(Host) Senator Patrick Leahy says he’s very disappointed that Senate Republicans have blocked a vote on whether gay people can serve openly in the military. The GOP filibuster leaves the "Don’t Ask Don’t Tell" policy in effect for the foreseeable future.
VPR’s Bob Kinzel reports.
(Kinzel) The plan under consideration gives President Obama the authority to eliminate the "Don’t Ask Don’t Tell" policy after his Administration conducts an internal study to measure how this change would affect the military.
It’s likely that the policy would be repealed because the President has been a strong critic of "Don’t Ask Don’t Tell."
The Democrats’ effort to overcome the filibuster failed by four votes and the outlook for the plan for the rest of the 2010 session is very uncertain.

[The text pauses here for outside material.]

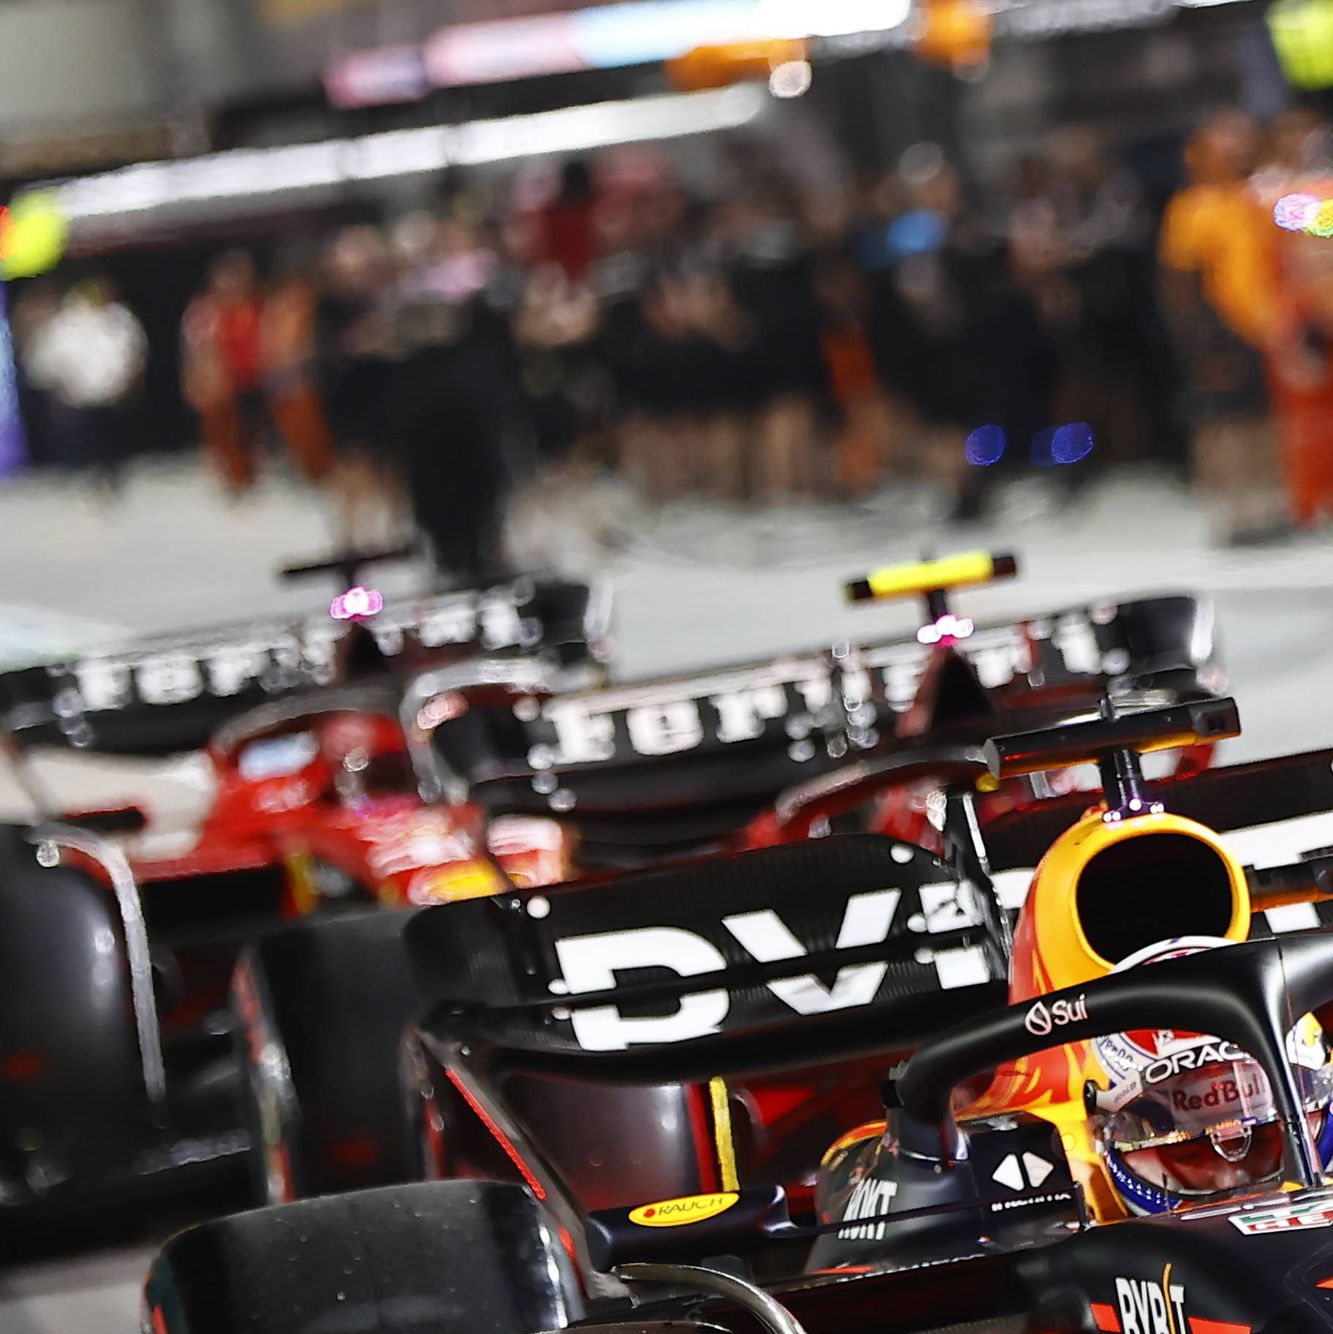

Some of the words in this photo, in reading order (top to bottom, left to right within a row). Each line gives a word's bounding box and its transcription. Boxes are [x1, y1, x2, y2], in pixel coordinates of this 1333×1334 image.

[1052, 994, 1088, 1025] Sui
[1145, 1041, 1250, 1083] ORAC
[658, 1196, 724, 1216] RAUCH

Senator Patrick Leahy says changing the policy is a matter of common sense.
(Leahy) "It makes no sense, when you have people who want to serve their country, willing to put their lives on the line for their country, often times bring great skills and we’ll say, ‘well you can’t come here because you’re gay or lesbian’… Let’s be realistic, we’re about the only major country in the world that has this kind of a restriction."
(Kinzel) Some backers of the current ban say that repealing it will hurt morale in the military. Leahy doesn’t buy this argument:
(Leahy) "If it’s going to be bad for the military I cannot believe that the Chairman of the Joint Chiefs of Staff would have come before the Congress and say ‘get rid of this policy’."
(Kinzel) Leahy says Senate GOP leaders have used the filibuster rule over 100 times to block consideration of important legislation. He says the Senate Rules committee needs to look at ways to prevent the "misuse" of this procedure in the future:
(Leahy) "Vote yes or vote no, but this constant voting for a filibuster – it just allows somebody to go back home and say basically they voted maybe I didn’t get elected to the senate to vote ‘maybe’ I got elected to the Senate to vote ‘yes or no’."
(Kinzel) The campaign of Republican U.S. Senate candidate Len Britton said their candidate was in Washington for a series of meetings and would not be available for comment.
They added that Britton would support efforts to repeal Don’t Ask Don’t Tell and he hoped that a new open policy could be phased in by applying it to one branch of the military at a time.
For VPR News, I’m Bob Kinzel in Montpelier.